Monday, January 09, 2006

What An Experience.

Deaf peddlers with sign language cards is something I've heard of in my childhood days. I was naive to believe that they don't exist anymore until a few weeks ago, I've read a blog from about his experience of bumping into a MSSD graduate who was peddling in the Metro (subway) of Washington, DC.

I had my first experience with a deaf peddler last night at the Macon mall only to find out that this well dressed guy in dark blue corduray pants with tucked in off-white polo shirt wasn't deaf. He was making up signs and mostly gesturing. When I signed back to him, his eyes widen and he knew he got caught and quickly walked away from me only to bump into my wife in another store.

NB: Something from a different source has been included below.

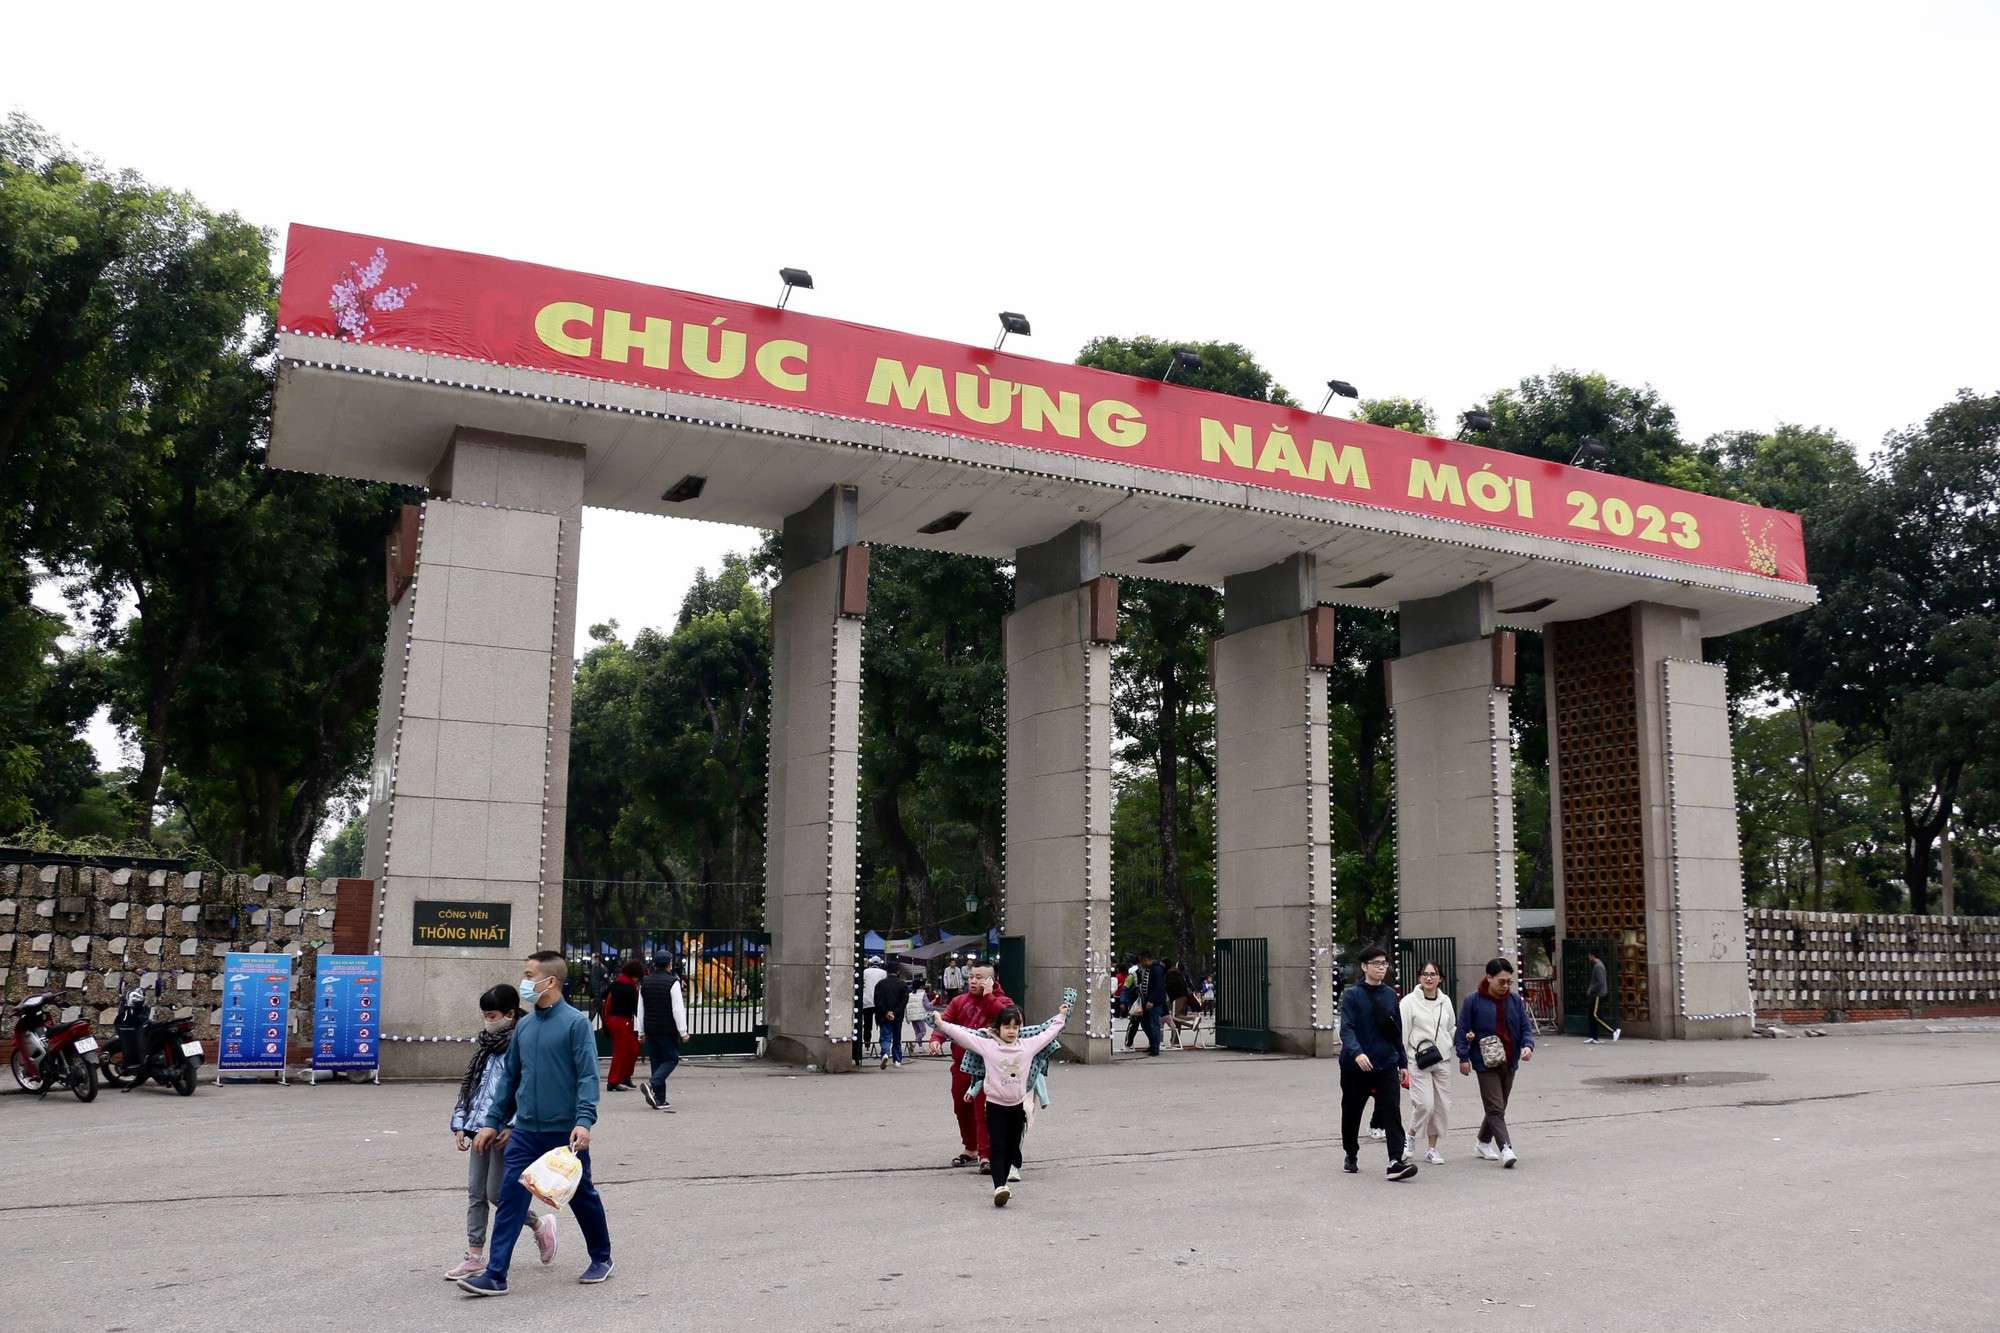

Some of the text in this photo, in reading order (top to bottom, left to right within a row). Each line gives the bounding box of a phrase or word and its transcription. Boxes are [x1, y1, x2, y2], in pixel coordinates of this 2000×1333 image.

[534, 301, 1700, 549] CHÚC MỪNG NĂM MỚI 2023
[438, 908, 489, 919] CÔNG VIÊN
[418, 922, 506, 940] THỐNG NHẤT

The funny thing is that my wife is a vocational rehabilitation counselor for the deaf and she offered to help him find a job but she was also disappointed to find that he was faking his deafness.

Quickly, we made a stop at the customer service desk at the mall to report this "deaf" peddler and to be sure that they're aware that his deafness is an act. Within 15 minutes, this guy was caught and escorted off the premises. We waited a while to officially file a complaint to ensure this doesn't happen again in the future but a security officier never came to the customer service desk. Instead we received a business card of the security director of the mall's security services and we headed out for the night.

I called around lunch time today to follow up on this incident and to my pleasant surprise that this security director was a former security officier in the 70's at Gallaudet University in Washington, DC and he remarked that he still keeps in touch with Dr. Carolyn McCaskill, who is an awesome deaf studies professor that I've had. I had a nice chat with him and he said he wish he was working yesterday but he was off. He checked the security logs and he notified me that everything has been documented and the "deaf" peddler won't be allowed at the mall in the future.

As for advocacy, I will be writing an editorial piece to the city paper about my experience with a man faking his deafness to peddle sign language cards. I want general public to be on the look-out for this person and be aware that this act is offensive and degrading to the deaf community. However there may be true deaf peddlers out there and I'll let them know that money shouldn't be given to them because it promotes their behavior and there are social services out there to help them out.